**Brief:**
Reproduce every line of the listing as written, apart from the pictures.

**Extracted entries:**
□ □ □

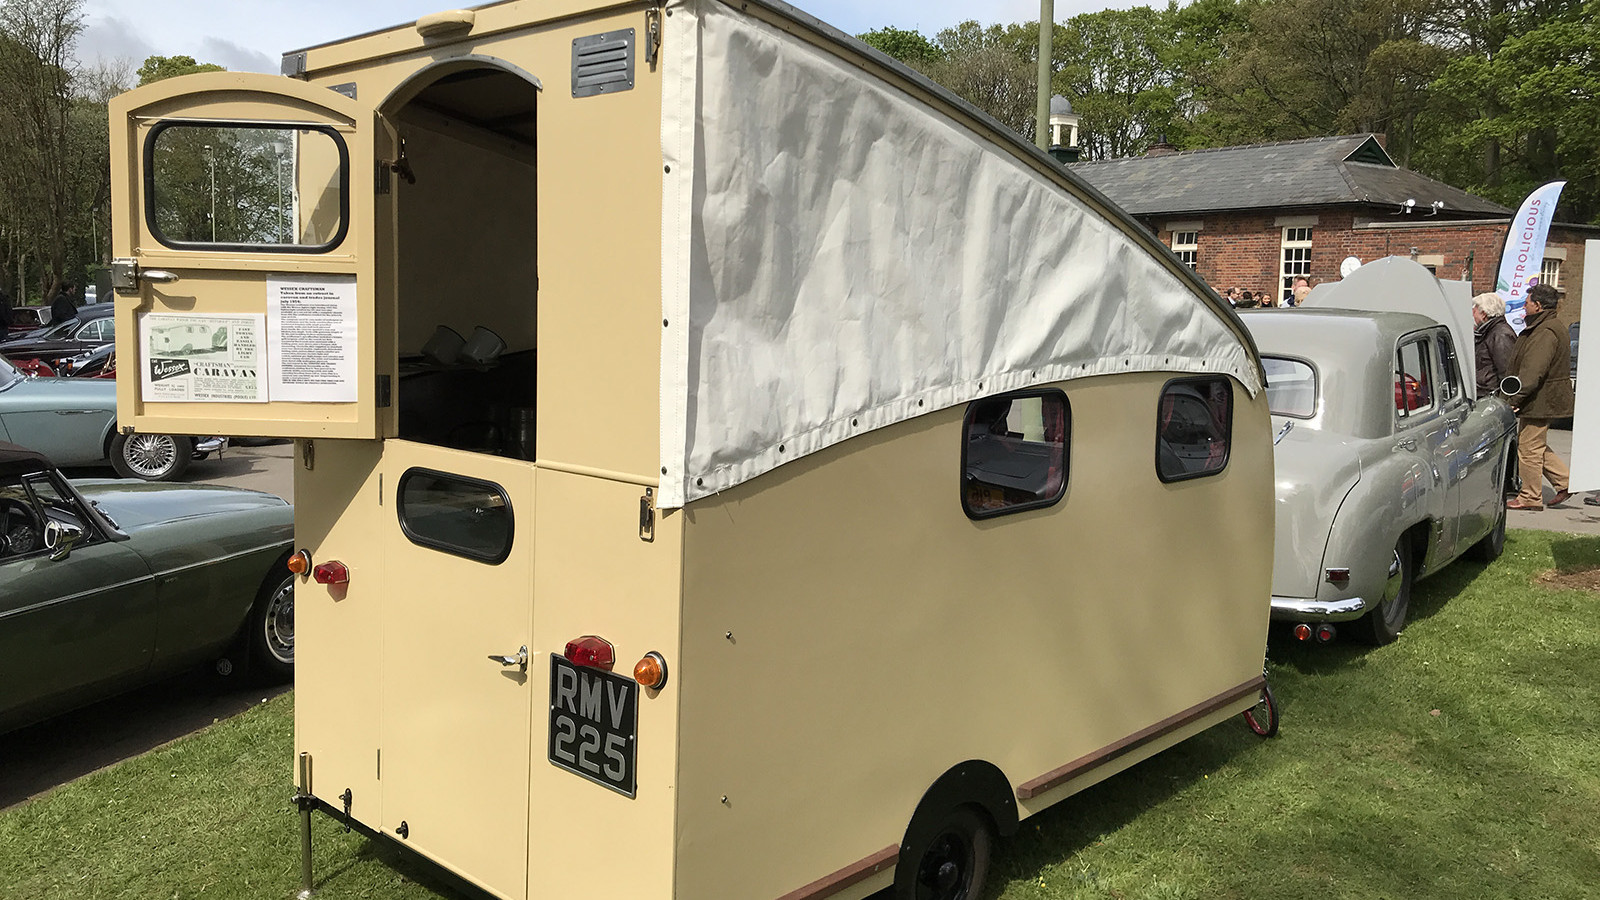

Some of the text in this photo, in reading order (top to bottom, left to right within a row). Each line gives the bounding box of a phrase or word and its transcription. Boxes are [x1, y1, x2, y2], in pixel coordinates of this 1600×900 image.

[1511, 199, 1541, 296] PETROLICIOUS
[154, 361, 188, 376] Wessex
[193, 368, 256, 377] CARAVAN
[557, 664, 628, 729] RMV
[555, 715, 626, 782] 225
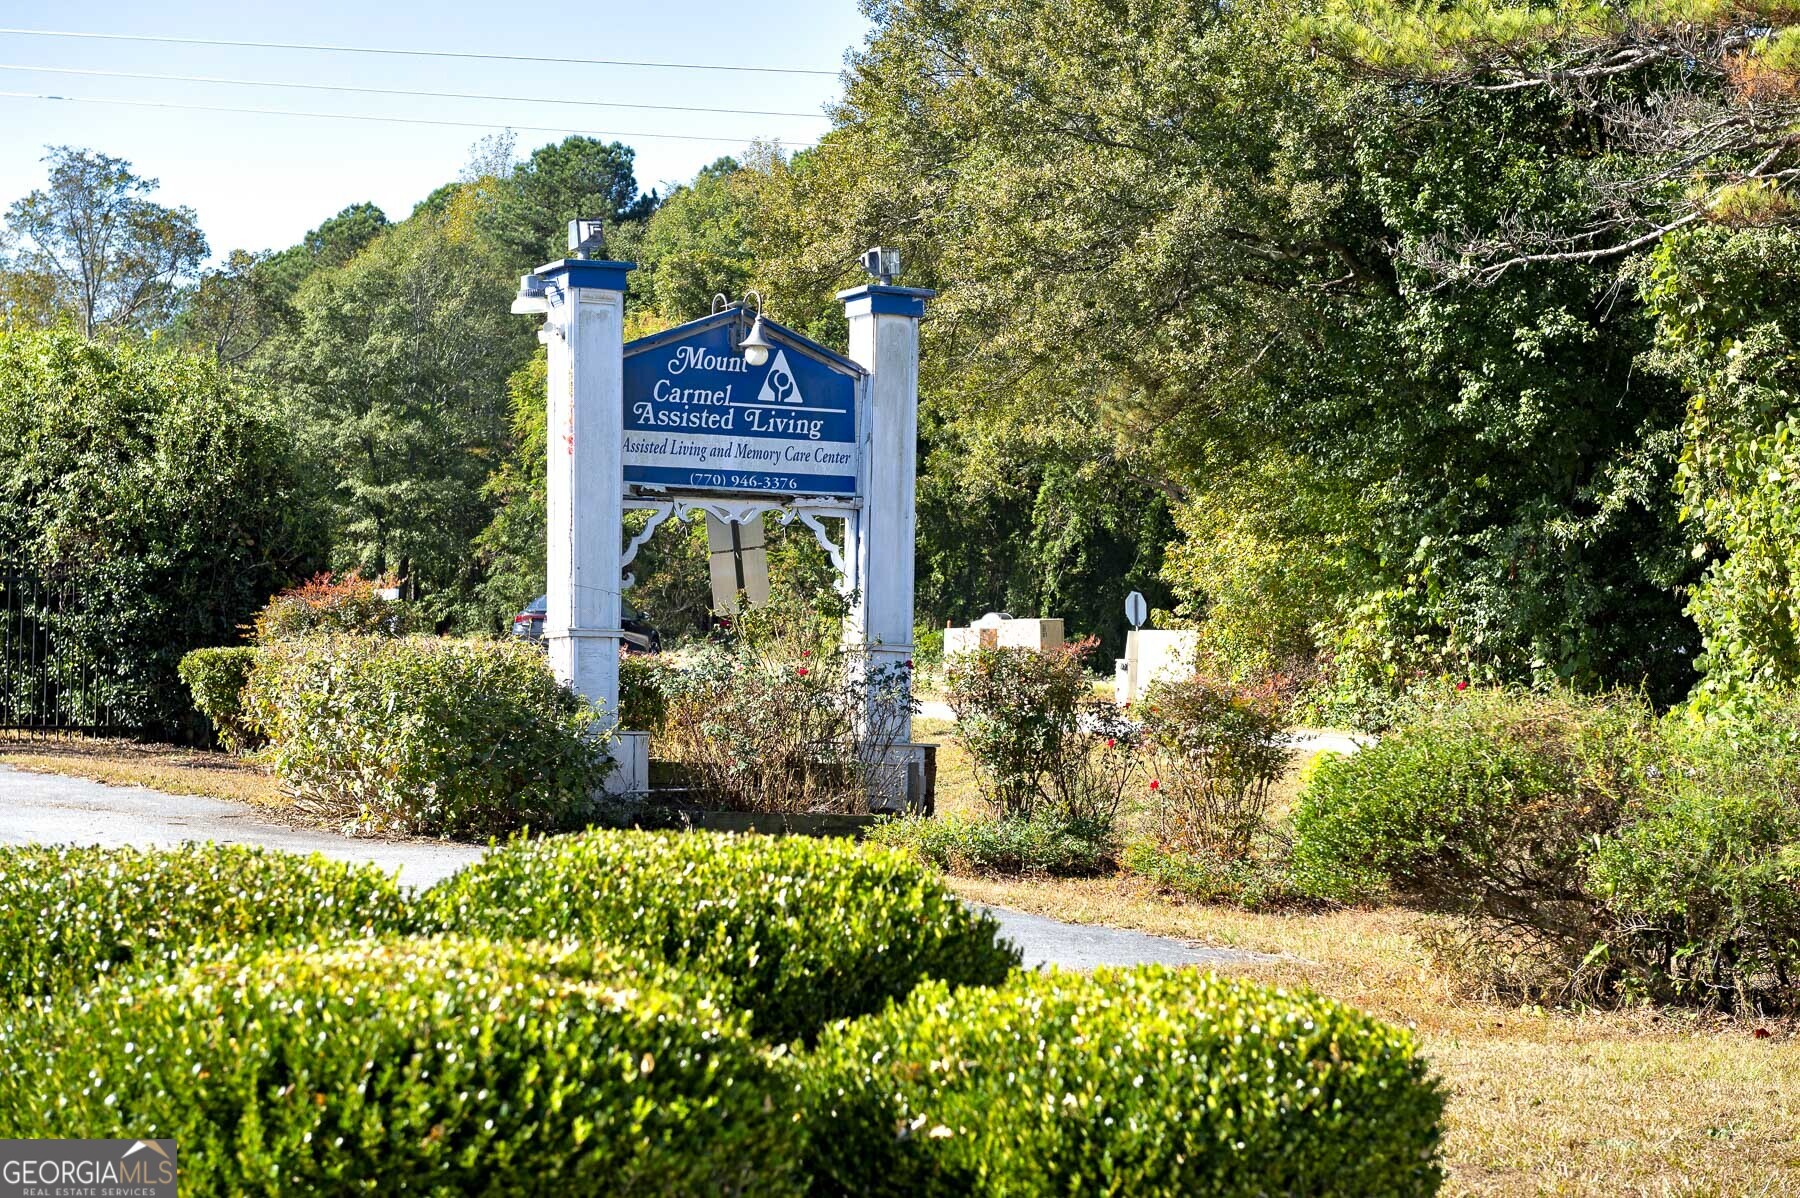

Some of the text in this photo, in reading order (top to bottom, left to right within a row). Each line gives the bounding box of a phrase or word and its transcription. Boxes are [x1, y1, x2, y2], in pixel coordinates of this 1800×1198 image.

□ □ □

**Response area:**
Some of the text in this photo, in reading order (top to bottom, left to right within a row). Each line gives the bounding box of a phrase or word and its transcription. Boxes are [x1, y1, x2, y2], in pixel coordinates of this 1600×900 image.

[1511, 199, 1541, 296] PETROLICIOUS
[154, 361, 188, 376] Wessex
[193, 368, 256, 377] CARAVAN
[557, 664, 628, 729] RMV
[555, 715, 626, 782] 225

Some of the text in this photo, in reading order (top to bottom, left to right within a row). Each line gives the bounding box of a phrase or word and its transcription. Boxes are [x1, y1, x2, y2], in pixel coordinates of this 1800×1198 image.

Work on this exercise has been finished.